Akira is one of the most influential science fiction films ever made. The ways in which this film has inspired others cannot be understated. I remember first watching this as a child (probably too young) and being absolutely enthralled. Directed by the manga creator Katsuhiro Otomo, we end up with the first half of the manga being cut into its own story.
I’m not going to discuss the manga here. It is worth reading though.
What makes Akira so interesting is the numerous plot threads and issues weaved together in a violent and chaotic story. We follow Kaneda, the leader of a biker gang filled with other wayward youth. They’re at war with the Clowns, another gang, and we jump right into this conflict. Kaneda’s friend Tetsuo crashes his bike when he runs into Masaru, an esper who is the victim of intense scientific experimentation. Tetsuo is taken into custody by government officials and now Kaneda must figure out what happened to him.

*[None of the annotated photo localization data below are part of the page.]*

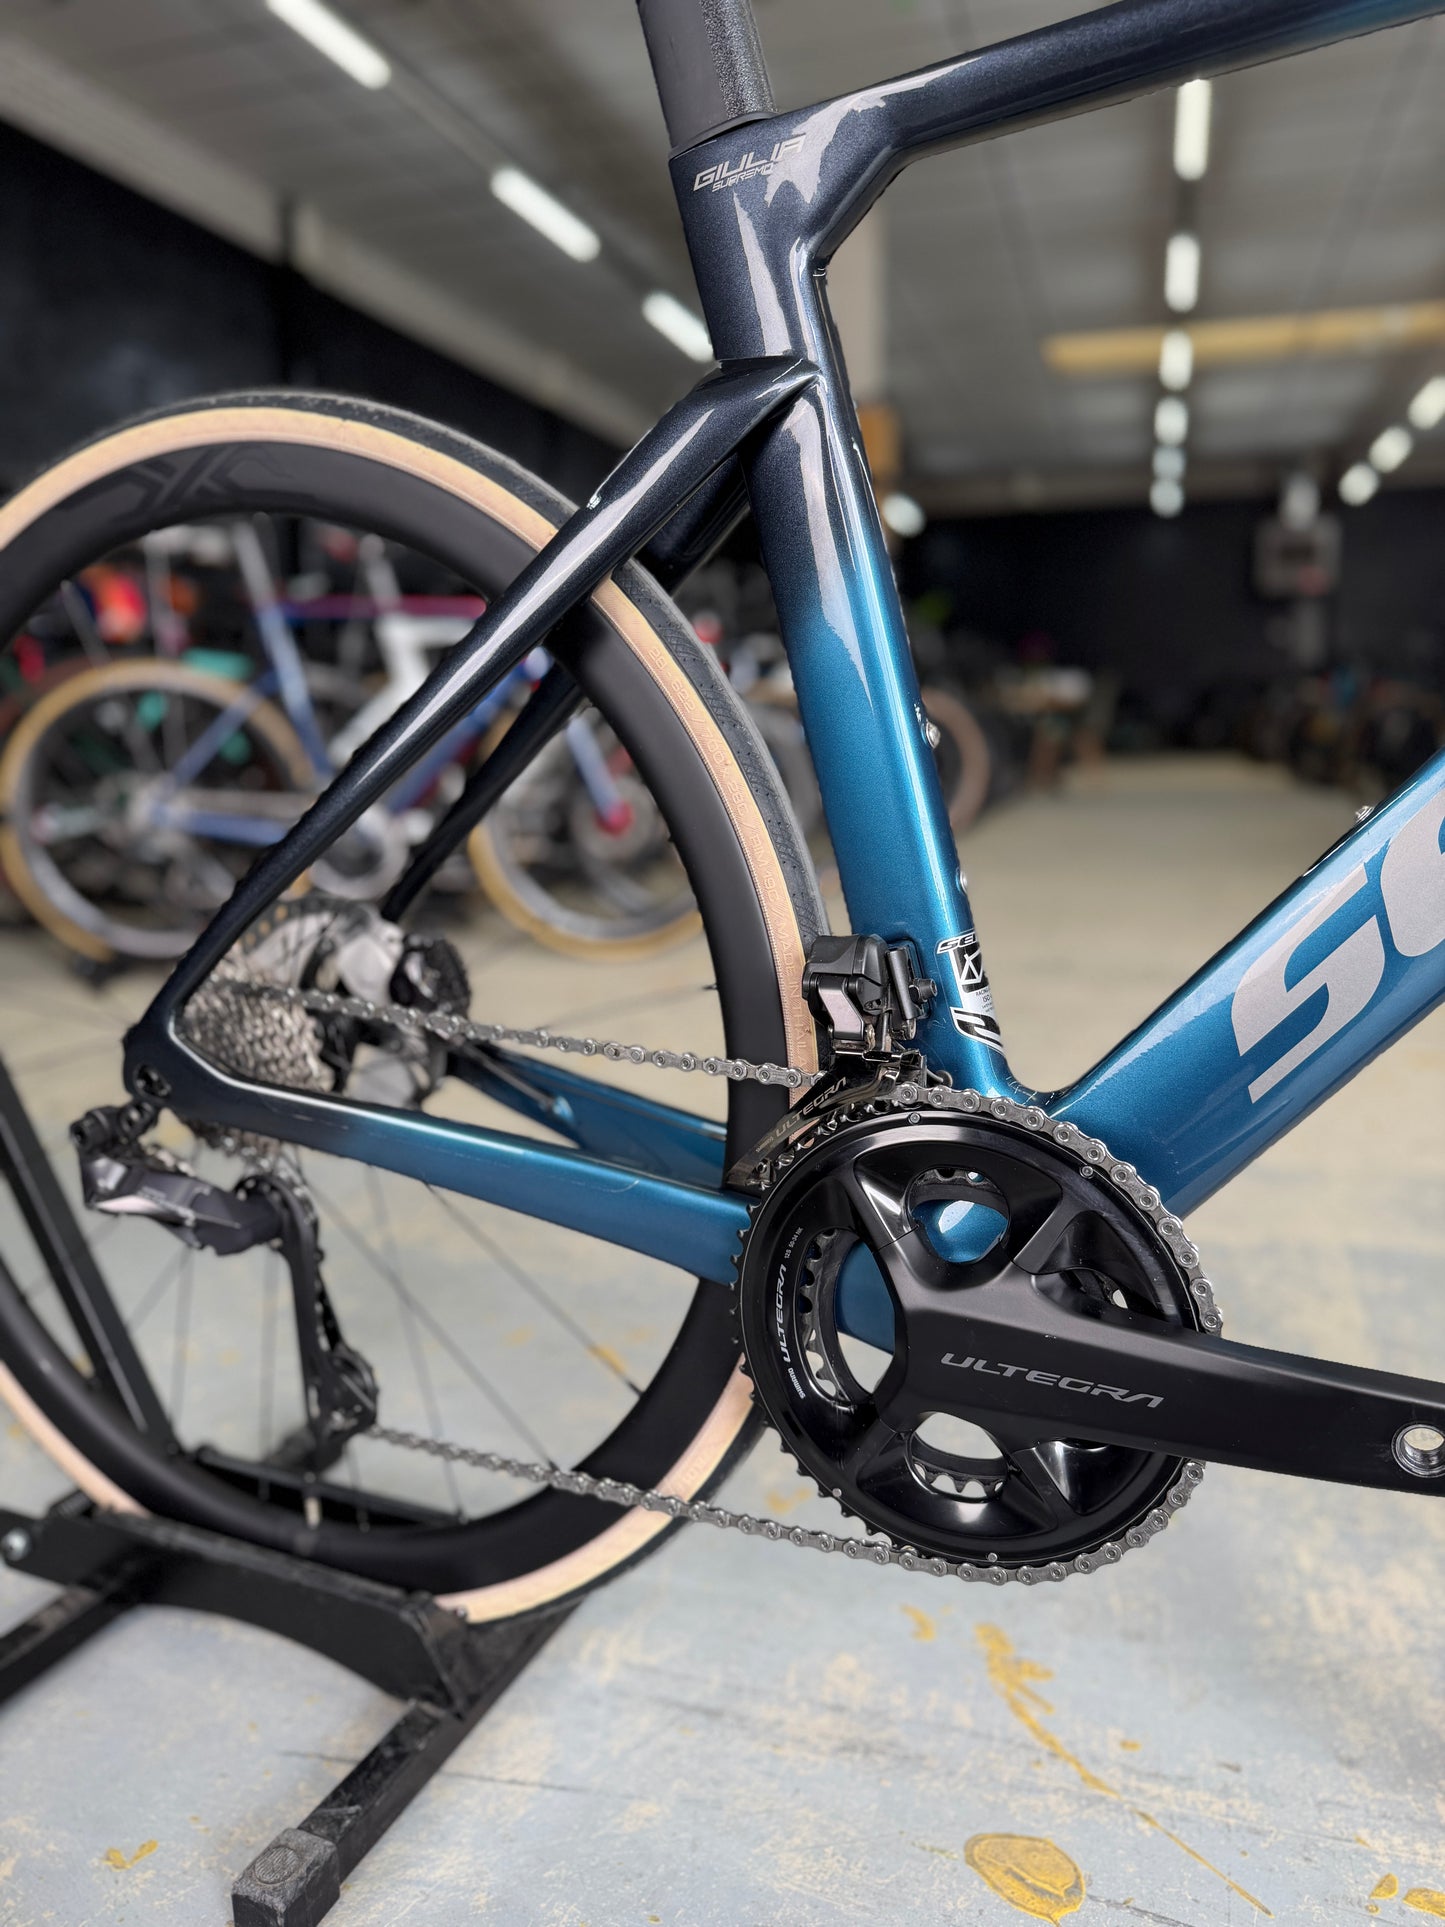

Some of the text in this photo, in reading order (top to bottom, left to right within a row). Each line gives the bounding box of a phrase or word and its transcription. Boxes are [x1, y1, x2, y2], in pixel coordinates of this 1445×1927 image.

[693, 132, 806, 192] GIULIA
[712, 164, 774, 192] SUPREMO
[777, 919, 796, 976] MADE
[793, 1003, 808, 1069] THAILA
[775, 1077, 847, 1137] ULTEGRA
[776, 1263, 791, 1363] ULTEGRA
[940, 1352, 1165, 1409] ULTEGRA

We also have violent government protests being brutally suppressed by police and military violence. A corrupt and inept government can do little to quell the rising social issues and chaos. Further, liberation groups work to free the test subjects, and seem to be exacerbating the social tensions. All the while Colonel Shikishima worries that the disaster surrounding the Akira incident 31 years earlier may be repeating itself, which would result in a massive nuclear-esque explosion.

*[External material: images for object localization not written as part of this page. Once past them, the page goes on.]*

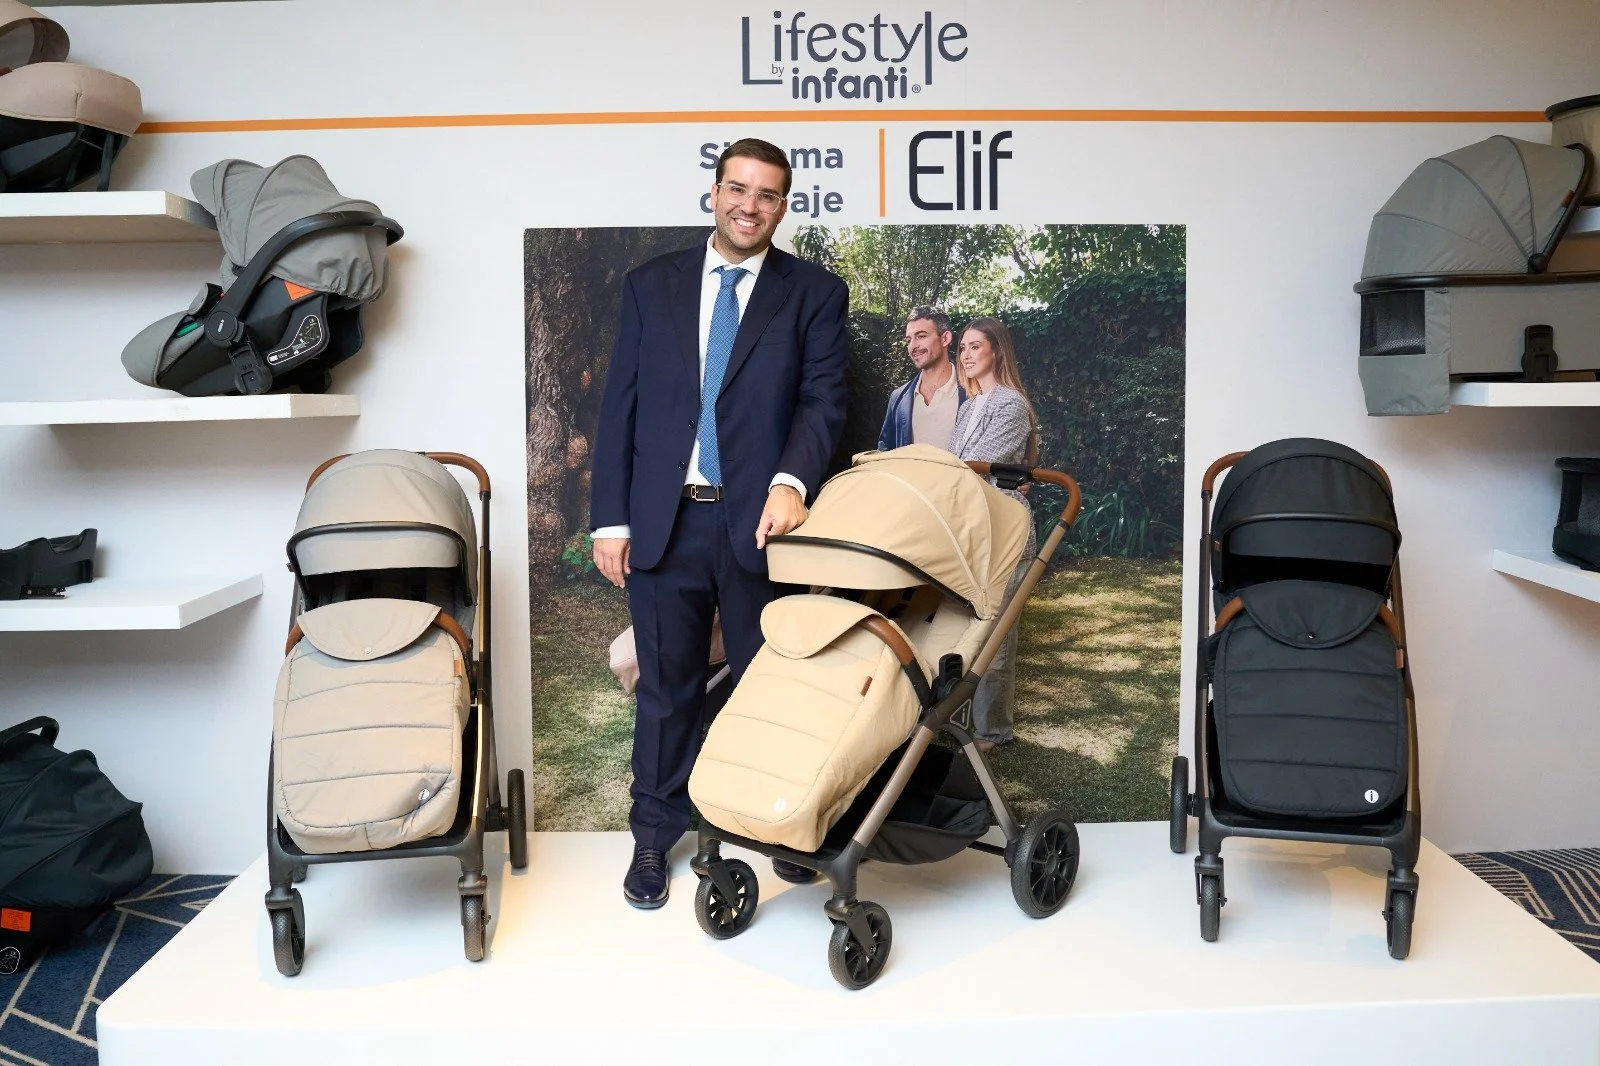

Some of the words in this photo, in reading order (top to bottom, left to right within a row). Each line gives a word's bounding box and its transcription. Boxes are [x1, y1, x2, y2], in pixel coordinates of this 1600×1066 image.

[741, 10, 969, 86] Lifestyle
[771, 63, 785, 77] by
[792, 66, 908, 103] infanti
[908, 130, 1013, 211] Elif
[790, 185, 844, 218] aje

Tetsuo’s exposure to Masaru awakens incredible telekinetic powers within the young man. Now, the story answers the question of “what would a troubled and bullied youth do with unlimited power” quite accurately. What follows is a whirlwind of violence that tears the loosened threads of a society completely apart.
The chaos of the narrative makes the film somewhat divisive. Each plot point could be its own story. Otomo takes the approach that more is more in storytelling. I understand where some people see this as a messy movie that doesn’t always make sense. However, the tapestry of issues allows for us to get a complete look at the society.
What I love about this movie is that it seems to be getting more relevant today (at least in America) than it was in 1988. As our own social issues seem to be increasing the images of violent protests and corrupt politicians rings true. Otomo knows people, and his vision showcases a lot of underlying issues in human society. (This is not to say the story is not also uniquely Japanese, which it is, but it is also universal).
The colors and animations are fantastic. The visual spectacle is simply amazing. It is worth looking into how many colors were created (you read that right) for this movie. The sound design is also excellent. I prefer the dubbed 1998 version myself, but the subtitled one is great, too. Everyone has their own favorite.
Another enjoyable aspect is that none of the characters are good people. While we might feel sympathy for Tetsuo, he certainly doesn’t use his powers for the good of the world. Kaneda is more interested in pursuing a young love interest than finding his friend, and everyone else is in it for themselves.
Come see a world of antiheroes and hard answers. Akira is a visual masterpiece that demands multiple viewings and has for years been my favorite film. I can’t recommend it enough.